* [Exercise objective]: From first line to last, copy the listing exactly and omit its pictures.

* [Source data]:
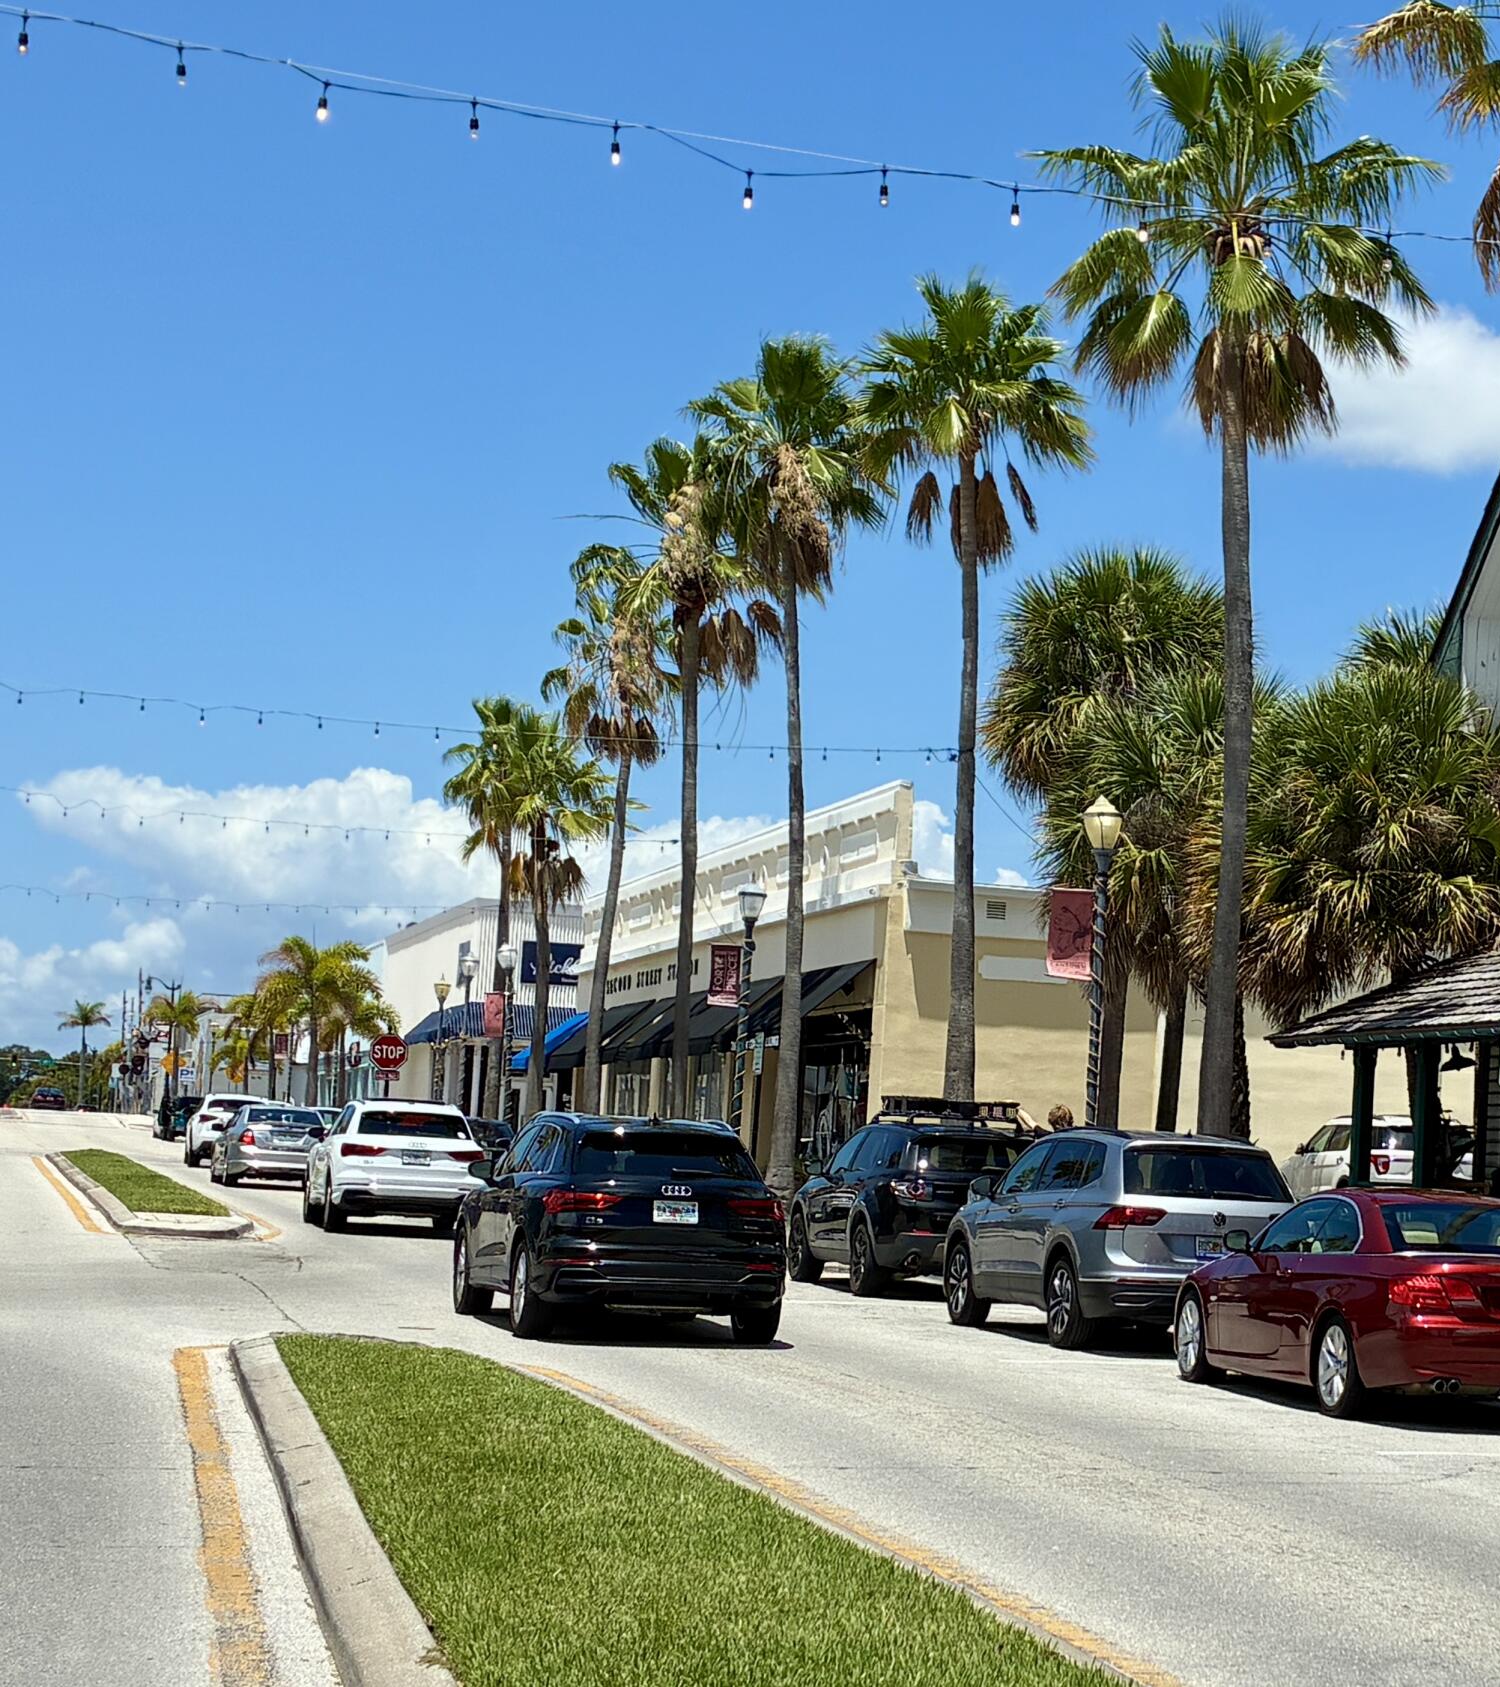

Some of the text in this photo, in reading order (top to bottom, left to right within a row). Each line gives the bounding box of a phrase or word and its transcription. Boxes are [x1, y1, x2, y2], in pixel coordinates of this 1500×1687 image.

[606, 974, 632, 995] SECOND
[636, 968, 663, 988] STREET
[725, 956, 738, 992] PIERCE
[373, 1045, 405, 1060] STOP

* [Output]:
Some of the text in this photo, in reading order (top to bottom, left to right within a row). Each line gives the bounding box of a phrase or word and its transcription. Boxes are [x1, y1, x2, y2], in pixel coordinates of this 1500×1687 image.

[606, 974, 632, 995] SECOND
[636, 968, 663, 988] STREET
[725, 956, 738, 992] PIERCE
[373, 1045, 405, 1060] STOP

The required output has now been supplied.